Implementing ISAPI
in ATL Server
The CIsapiExtension class is the heart
of ATL's implementation of the ISAPI interface.
template <class ThreadPoolClass=CThreadPool<CIsapiWorker>,
class CRequestStatClass=CNoRequestStats,
class HttpUserErrorTextProvider=CDefaultErrorProvider,
class WorkerThreadTraits=DefaultThreadTraits,
class CPageCacheStats=CNoStatClass,
class CStencilCacheStats=CNoStatClass>
class CIsapiExtension :
public IServiceProvider,
public IIsapiExtension,
public IRequestStats {
protected:
CIsapiExtension();
DWORD HttpExtensionProc(LPEXTENSION_CONTROL_BLOCK lpECB) ;
BOOL GetExtensionVersion(__out HSE_VERSION_INFO* pVer) ;
BOOL TerminateExtension(DWORD /*dwFlags*/) ;
// ...
};
As you can see, this class is heavily templated.
Three of the template parameters (CRequestStatClass,
CPageCacheStats, and CStencilCacheStats) are used
for performance tracking and logging. The default template
parameters result in no logging or performance counters being used; ATL
Server provides other implementation that will gather statistics
for you, but because that logging can have a significant
performance impact, it's turned off by default.
The three CIsapiExtension methods
contain the actual implementations of the three ISAPI functions.

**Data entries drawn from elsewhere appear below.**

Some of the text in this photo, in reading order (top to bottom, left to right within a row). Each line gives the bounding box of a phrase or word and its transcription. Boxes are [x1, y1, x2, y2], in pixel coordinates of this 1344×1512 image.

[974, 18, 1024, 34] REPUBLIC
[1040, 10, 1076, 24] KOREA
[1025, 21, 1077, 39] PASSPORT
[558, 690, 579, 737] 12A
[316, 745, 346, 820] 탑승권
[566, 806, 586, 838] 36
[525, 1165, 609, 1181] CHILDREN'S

The GetExtensionVersion method is long but fairly
straightforward. Because this is the method called when the ISAPI
extension is first loaded, the class does most of its
initialization here:
BOOL GetExtensionVersion( HSE_VERSION_INFO* pVer) {
// allocate a Tls slot for storing per thread data
m_dwTlsIndex = TlsAlloc();
// create a private heap for request data
// this heap has to be thread safe to allow for
// async processing of requests
m_hRequestHeap = HeapCreate(0, 0, 0);
if (!m_hRequestHeap) {
m_hRequestHeap = GetProcessHeap();
if (!m_hRequestHeap) {
return SetCriticalIsapiError(IDS_ATLSRV_CRITICAL_HEAPCREATEFAILED);
}
}
// create a private heap (synchronized) for
// allocations. This reduces fragmentation overhead
// as opposed to the process heap
HANDLE hHeap = HeapCreate(0, 0, 0);
if (!hHeap) {
hHeap = GetProcessHeap();
m_heap.Attach(hHeap, false);
} else {
m_heap.Attach(hHeap, true);
}
hHeap = NULL;
if (S_OK != m_WorkerThread.Initialize()) {
return SetCriticalIsapiError(IDS_ATLSRV_CRITICAL_WORKERINITFAILED);
}
if (m_critSec.Init() != S_OK) {
HRESULT hrIgnore=m_WorkerThread.Shutdown();
return SetCriticalIsapiError(IDS_ATLSRV_CRITICAL_CRITSECINITFAILED);
}
if (S_OK != m_ThreadPool.Initialize(
static_cast<IIsapiExtension*>(this), GetNumPoolThreads(),
GetPoolStackSize(), GetIOCompletionHandle())) {
HRESULT hrIgnore=m_WorkerThread.Shutdown();
m_critSec.Term();
return SetCriticalIsapiError(
IDS_ATLSRV_CRITICAL_THREADPOOLFAILED);
}
if (FAILED(m_DllCache.Initialize(&m_WorkerThread,
GetDllCacheTimeout()))) {
HRESULT hrIgnore=m_WorkerThread.Shutdown();
m_ThreadPool.Shutdown();
m_critSec.Term();
return SetCriticalIsapiError(
IDS_ATLSRV_CRITICAL_DLLCACHEFAILED);
}
if (FAILED(m_PageCache.Initialize(&m_WorkerThread))) {
HRESULT hrIgnore=m_WorkerThread.Shutdown();
m_ThreadPool.Shutdown();
m_DllCache.Uninitialize();
m_critSec.Term();
return SetCriticalIsapiError(
IDS_ATLSRV_CRITICAL_PAGECACHEFAILED);
}
if (S_OK != m_StencilCache.Initialize(
static_cast<IServiceProvider*>(this),
&m_WorkerThread,
GetStencilCacheTimeout(),
GetStencilLifespan())) {
HRESULT hrIgnore=m_WorkerThread.Shutdown();
m_ThreadPool.Shutdown();
m_DllCache.Uninitialize();
m_PageCache.Uninitialize();
m_critSec.Term();
return SetCriticalIsapiError(IDS_ATLSRV_CRITICAL_STENCILCACHEFAILED);
}
pVer->dwExtensionVersion = HSE_VERSION;
Checked::strncpy_s(pVer->lpszExtensionDesc,
HSE_MAX_EXT_DLL_NAME_LEN, GetExtensionDesc(), _TRUNCATE);
pVer->lpszExtensionDesc[HSE_MAX_EXT_DLL_NAME_LEN - 1] = '\0';
return TRUE;
}
This method allocates two
Win32 heaps for use during request process, sets up a thread pool,
and initializes various caches.
The real action takes place in the
HttpExtensionProc method. This is called for every HTTP
request that IIS routes to our extension DLL. Before we look at the
implementation of this method, we need to look at how to achieve
high performance in a server environment.
Performance and
Multithreading
Any production web server needs to handle many
simultaneous network requests. In the original web extension
platform, the Common Gateway Interface (CGI), each request was
handled by spawning a new process. This process handled that one
request and then exited. This worked acceptably on UNIX for small
sites, but process creation overhead soon limited the number of
simultaneous requests that could be processed.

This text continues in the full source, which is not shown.